La construction du premier réacteur de la centrale nucléaire d’Akkuyu était achevée à 99 % en 2026. L’objectif est que les quatre unités de la centrale fonctionnent à pleine capacité en 2028.

Il est toutefois évident qu’un programme nucléaire excessivement dépendant de la technologie, du combustible, du financement et du modèle d’exploitation étrangers ne garantira pas à lui seul une “indépendance totale”. Il faut développer les capacités d’ingénierie nucléaire, la connaissance du cycle du combustible, la chaîne d’approvisionnement nationale et les organismes de régulation. Le fait que la centrale soit construite en Turquie importe, mais il est tout aussi important de savoir quelle part de la technologie qui se trouve derrière cette centrale est apprise et produite par la Turquie.

En résumé, l’indépendance énergétique de la Turquie ne signifie pas qu’elle extraira tout son pétrole et tout son gaz naturel de son propre territoire. Un tel objectif n’est ni réaliste ni nécessaire dans les marchés énergétiques interconnectés d’aujourd’hui. La véritable indépendance consiste à ne pas être contraint de dépendre d’un seul pays, d’un seul combustible, d’un seul gazoduc ou d’un seul fournisseur de technologie.

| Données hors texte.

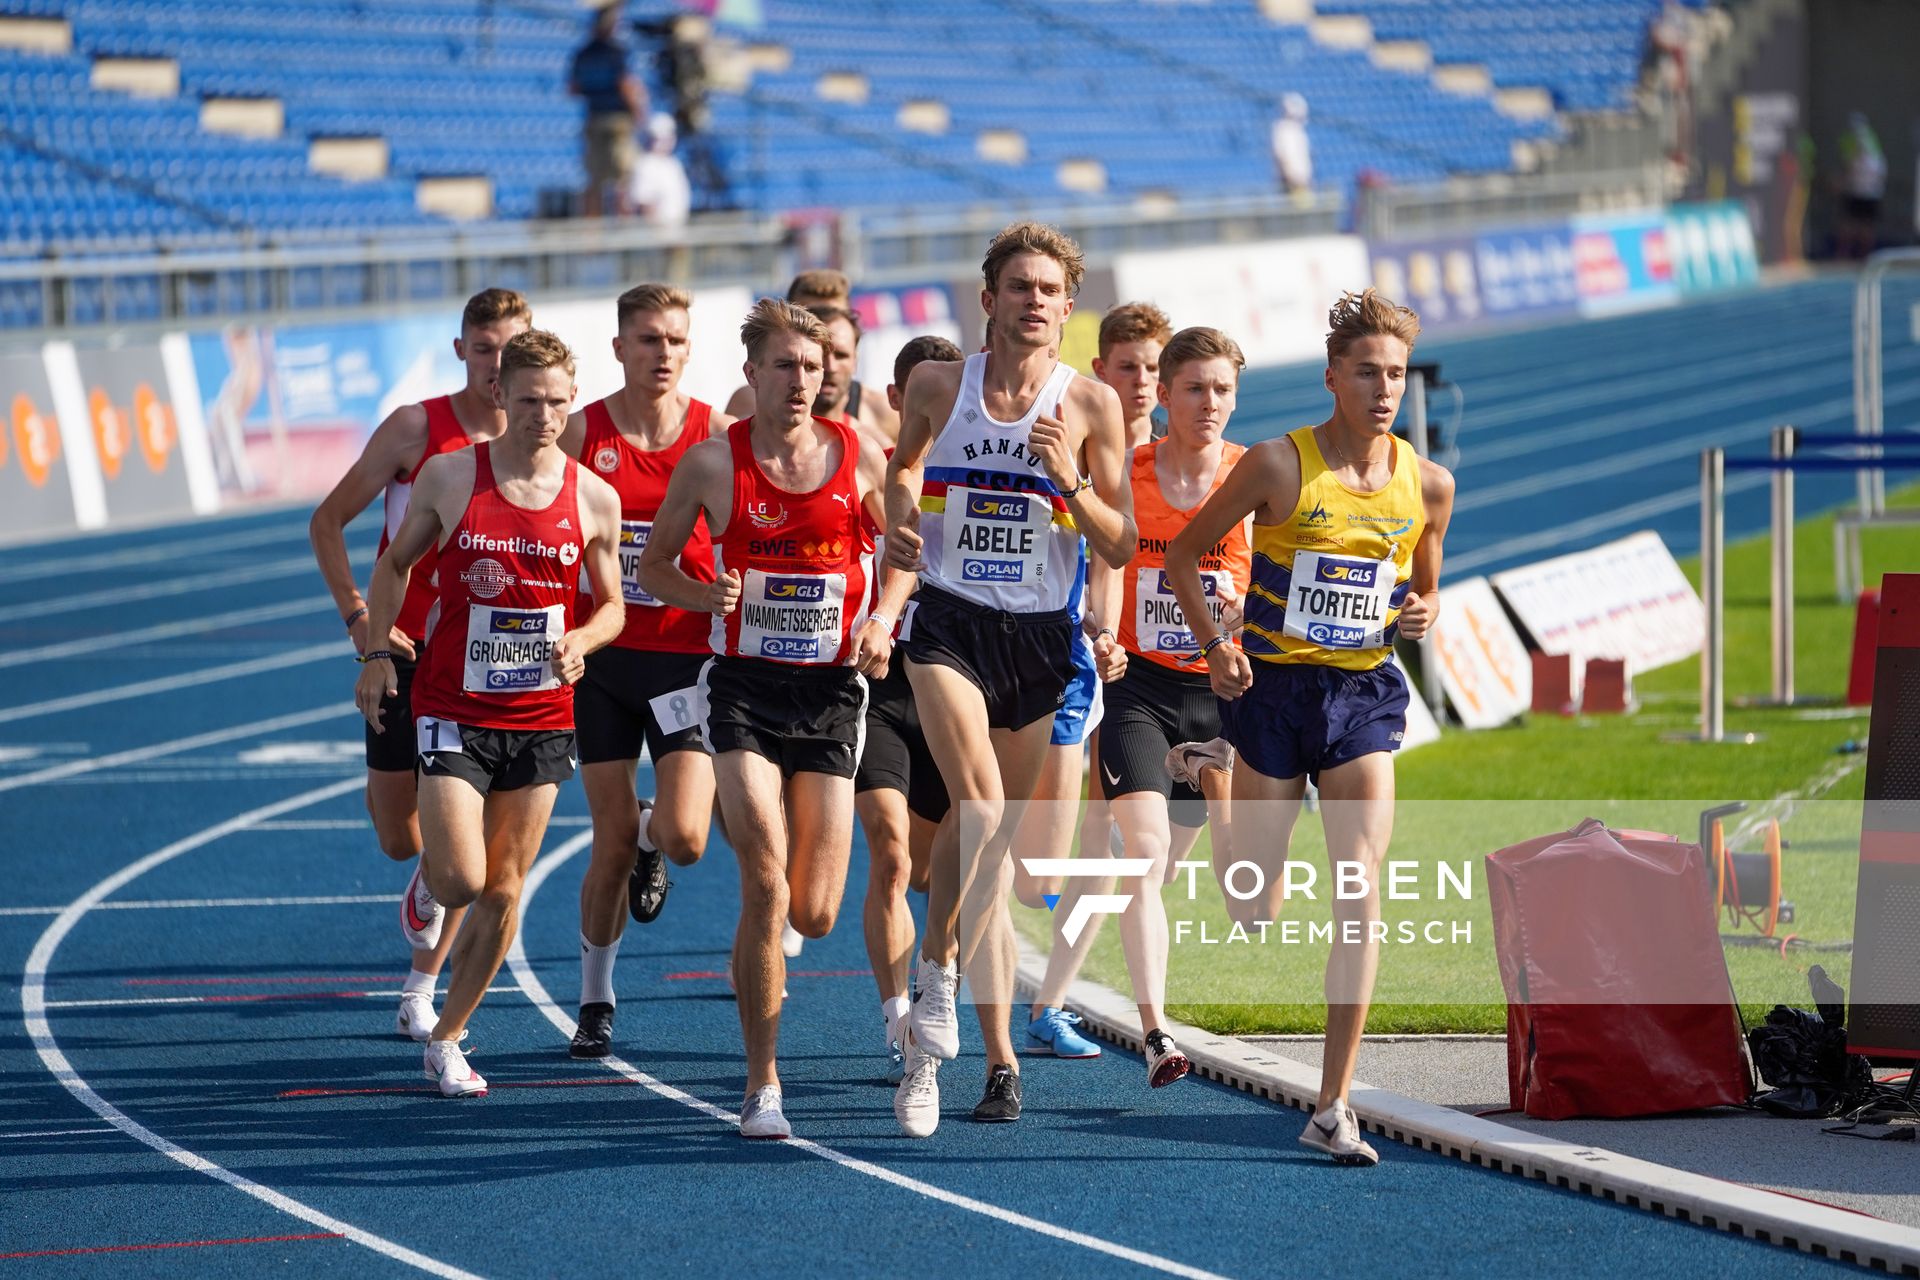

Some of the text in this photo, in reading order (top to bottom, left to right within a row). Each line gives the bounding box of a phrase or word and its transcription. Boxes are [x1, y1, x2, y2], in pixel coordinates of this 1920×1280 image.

[963, 438, 1041, 467] HANAU
[748, 502, 766, 514] LG
[998, 503, 1023, 517] GLS
[458, 530, 557, 558] Öffentliche
[957, 524, 1034, 554] ABELE
[749, 540, 797, 556] SWE
[987, 564, 1020, 575] PLAN
[1348, 568, 1372, 583] GLS
[460, 573, 515, 584] MIETENS
[796, 585, 820, 598] GLS
[1298, 586, 1379, 620] TORTELL
[521, 619, 544, 630] GLS
[744, 603, 839, 633] WAMMETSBERGER
[1332, 629, 1363, 641] PLAN
[785, 642, 817, 652] PLAN
[509, 671, 540, 681] PLAN
[669, 695, 690, 728] 8
[425, 722, 440, 749] 1

L’opportunité qui s’offre à la Turquie est considérable : si les bonnes stratégies continuent d’être menées dans l’énergie, le pays pourrait devenir un État qui produit en mer Noire, extrait du pétrole à Gabar, fore en Somalie, prend des participations dans des champs en Libye et en Irak, transporte de l’énergie entre le Caucase et l’Europe, stocke du gaz, augmente sa capacité renouvelable, apprend la technologie nucléaire et transforme ses minerais critiques en industrie.

Mais pour que cela se réalise, les réserves annoncées doivent se transformer en production, les accords signés en partenariats durables, et le minerai extrait en produits de haute technologie. L’indépendance énergétique ne se gagne pas avec l’annonce d’une découverte ; elle se construit par des décennies de planification, d’investissement technologique et de détermination institutionnelle. Si la Turquie parvient à achever ce parcours, elle ne réduira pas seulement sa facture énergétique : elle cessera d’être un pays dont la carte énergétique environnante est dessinée par d’autres pour devenir l’un des acteurs qui tracent cette carte.